UPDATED 15:01 EDT / OCTOBER 12 2011

NEWS

RSA Blames “Nation State” and Tag-Team Hackers for Ides of March SecurID Breach

In March, RSA suffered a cyberattack that compromised their SecurID platform and led to a recall and increased paranoia among their defense contractor customers. Yesterday at a press conference an RSA spokesman mentioned that they believe it was the act of two separate hacking outfits both of whom could be connected to a nation state.

Although RSA did not mention which nation state they believed to be behind the hacks.

ZDNet UK reported extensively on the press conference and the wrap up of what we understand occurred before and after the attacks.

“We know there were two groups because of the methodology in the attack,” RSA executive chairman Art Coviello said on Tuesday. “We have not attributed the attack to a particular nation state, although we are very confident, with the skill and the degree and the resource behind the attack, that it could only have been perpetrated by a nation state.”

After the attacks had been announced by RSA reports from various defense contractors began to filter in as they noticed and stopped strange activity on their networks: affected contractors included Lockheed Martin, Northop Grumman, and L-3 Communications.
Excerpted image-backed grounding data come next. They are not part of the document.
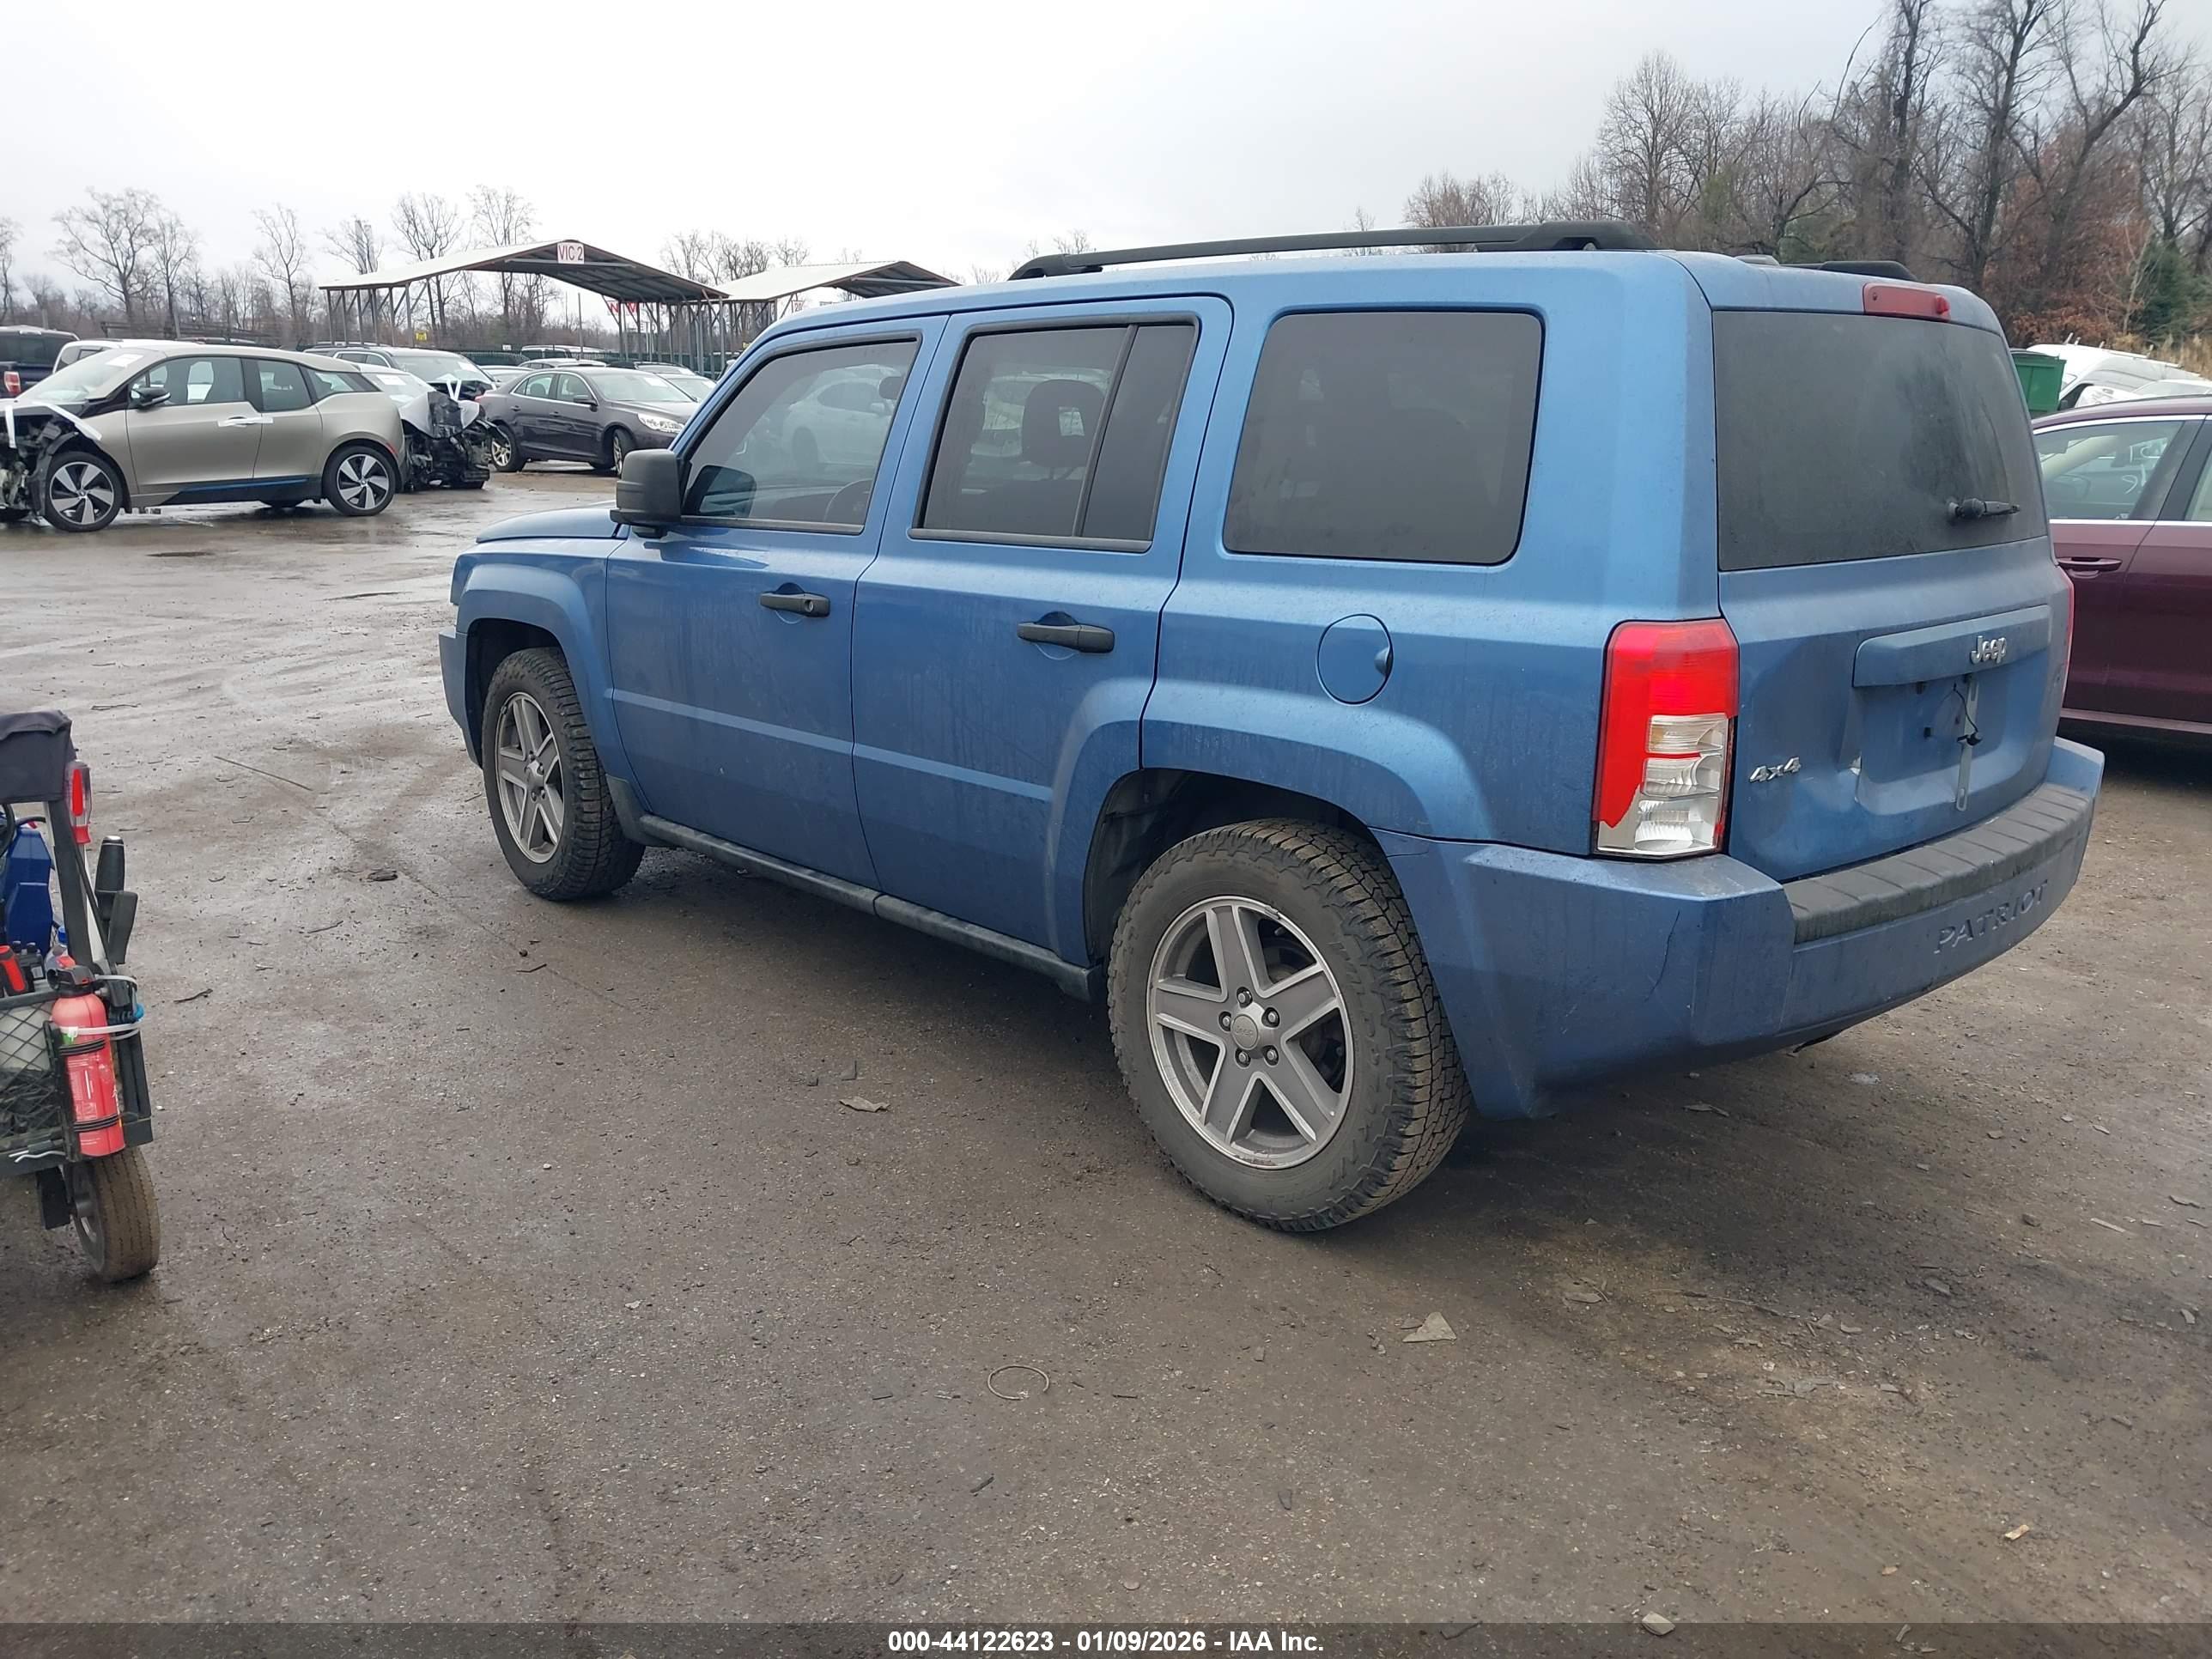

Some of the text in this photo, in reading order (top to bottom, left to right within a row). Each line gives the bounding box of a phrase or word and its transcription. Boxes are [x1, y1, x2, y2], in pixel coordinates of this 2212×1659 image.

[558, 245, 584, 261] VIC 2
[1970, 635, 2006, 664] Jeep
[1749, 757, 1802, 783] 4x4
[1934, 879, 2048, 954] PATRIOT
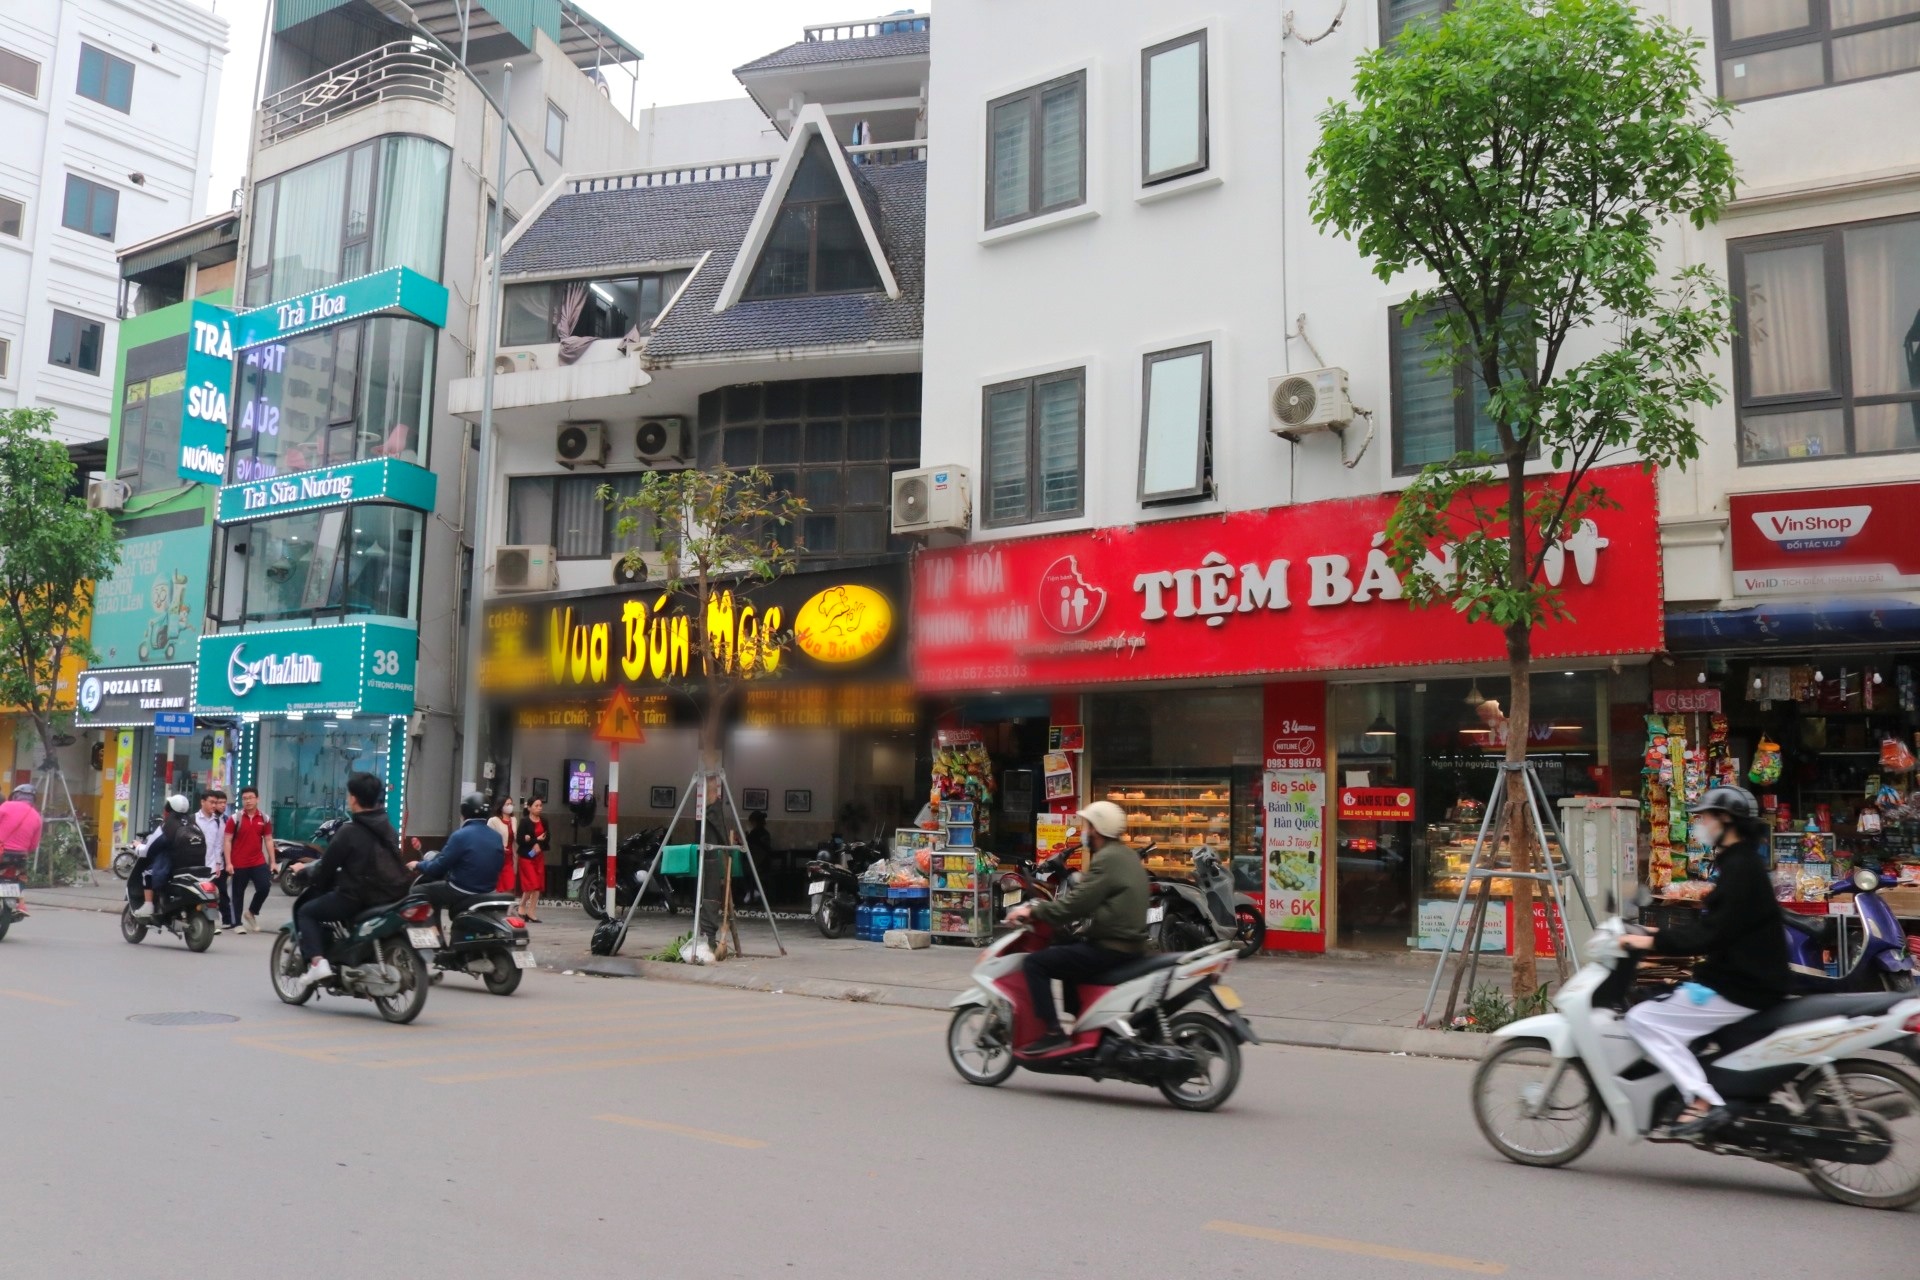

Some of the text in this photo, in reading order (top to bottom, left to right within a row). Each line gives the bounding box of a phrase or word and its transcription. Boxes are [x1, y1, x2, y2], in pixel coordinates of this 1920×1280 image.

[277, 293, 346, 330] Trà Hoa
[194, 320, 233, 361] TRÀ
[187, 381, 227, 425] SỮA
[182, 444, 225, 475] NƯỚNG
[243, 472, 352, 510] Trà Sữa Nướng
[1771, 516, 1851, 534] VinShop
[1786, 540, 1842, 550] ĐỐI TÁC V.I.P
[1133, 551, 1292, 627] TIỆM
[551, 606, 608, 685] Vua
[621, 594, 690, 681] Bún
[261, 653, 322, 685] ChaZhiDu
[372, 649, 399, 675] 38
[102, 678, 163, 695] POZAA TEA
[140, 697, 159, 709] TAKE
[160, 697, 185, 708] AWAY
[1282, 720, 1298, 734] 34
[1305, 757, 1322, 768] 678
[1431, 760, 1453, 769] Ngon
[1271, 780, 1317, 794] Big Sale
[1268, 801, 1292, 813] Bánh
[1273, 816, 1320, 831] Hàn Quốc
[1269, 838, 1285, 847] Mua
[1287, 836, 1293, 847] 3
[1269, 898, 1316, 917] 8K 6K
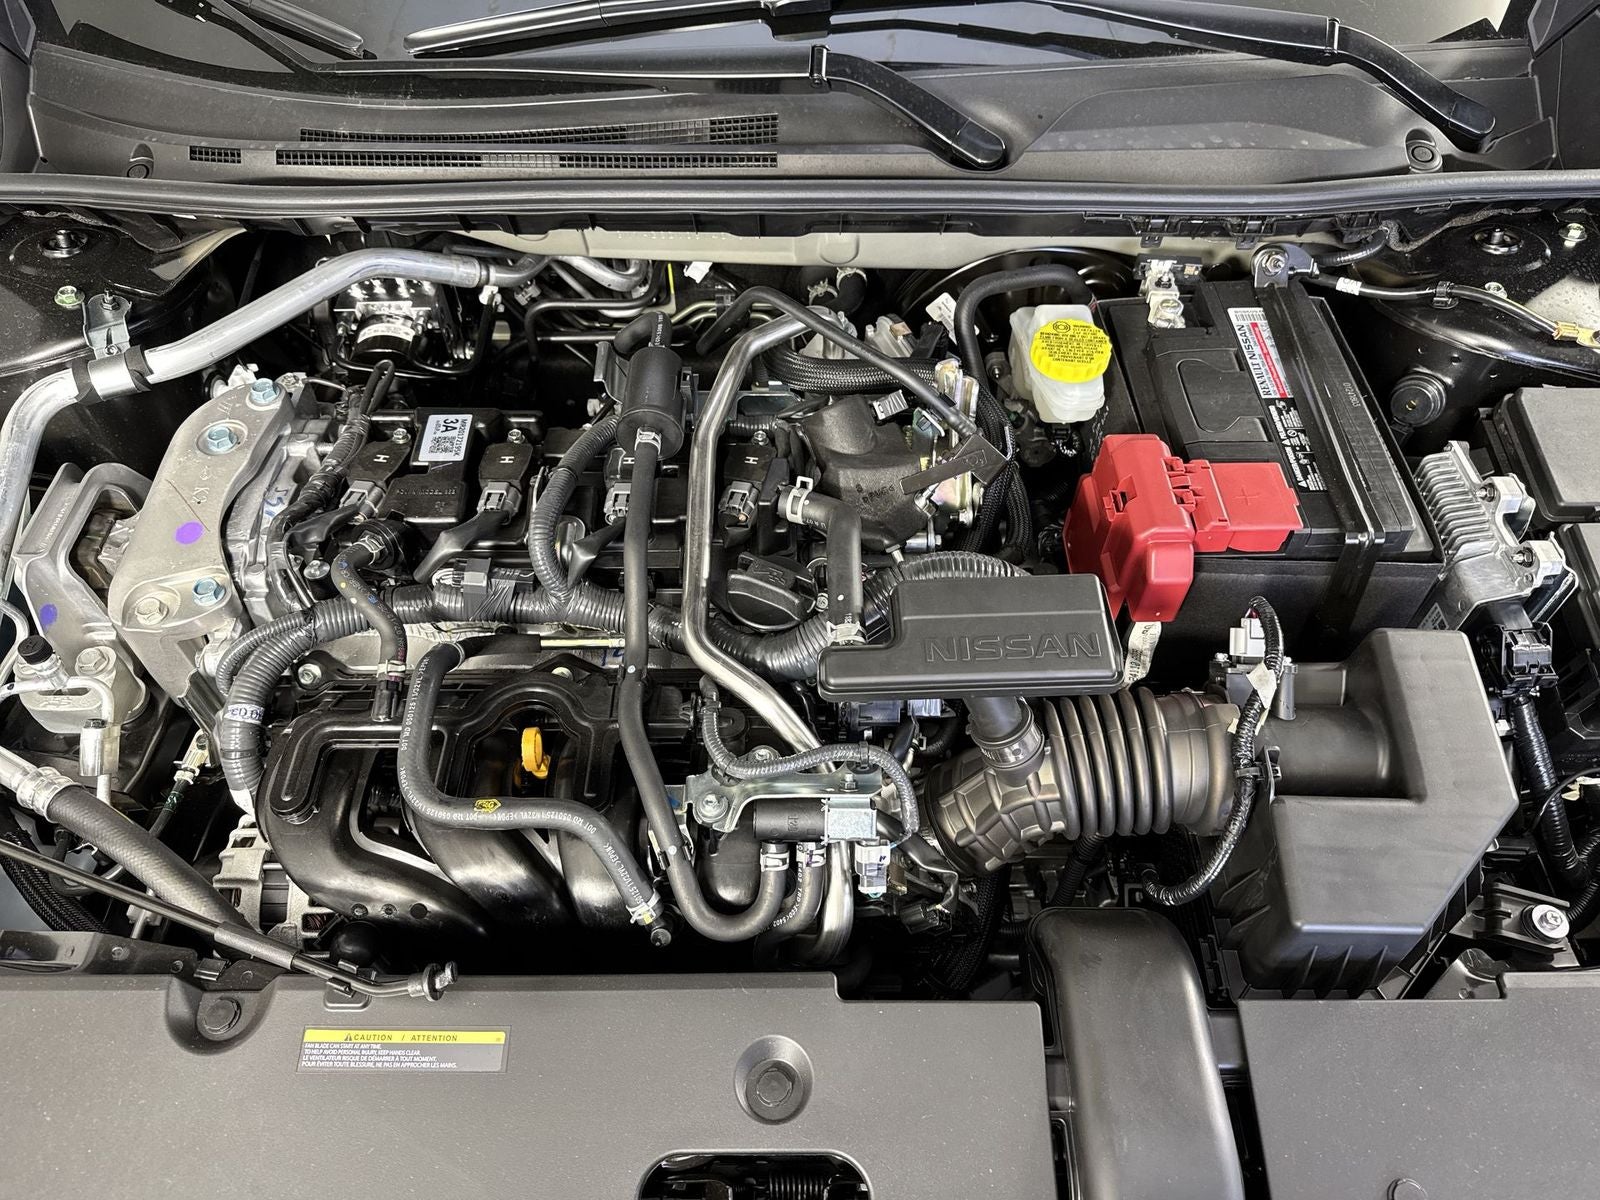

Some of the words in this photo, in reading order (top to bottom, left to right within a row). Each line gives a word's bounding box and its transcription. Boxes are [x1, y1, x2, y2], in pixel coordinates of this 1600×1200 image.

[1236, 323, 1257, 360] NISSAN
[1250, 362, 1272, 396] RENAULT
[441, 419, 459, 433] 3A
[925, 632, 1102, 662] NISSAN
RSA acknowledged that the cryptographic keys underlying the encryption that protected the SecurID confidence system had been compromised and called for a recall of all the current keys; that action and subsequently adding transaction monitoring cost RSA $66 million.

According to Art Coviello, the tag-team hackers first involved spear-phishing attacks against RSA employees posing as trusted people. The phishing pushed malware that involved a zero-day exploit to establish a beachhead—according to report at PCWorld, the exploit may have been an Excel spreadsheet with an infected Adobe Flash file.

Once the attackers got a foothold within RSA’s systems they began to fortify their position and gain network access. From there, the second team infiltrated the network, traversed the various systems, and began looking for their intended target: defense contractor SecurID key codes. The attack appeared to be highly sophisticated and used knowledge of the software running in the networks to obfuscate the movements and probing 1of the hackers.

According to Chief Security Officer Eddie Schwartz, RSA uncovered the attack before any of their customers had been compromised by the stolen cryptographic keys. No hack attempts against RSA customers were successful—even those apparent against Lockheed, Northop, and L-3 Communications were detected and thwarted; but those came after RSA reported the breach and informed their customers.

Law enforcement and intelligence agencies in the UK are still looking into the source of the attacks—no doubt this is true of the US as well.

We’ll keep you appraised should any further information reveal itself from this high-profile hacking incident.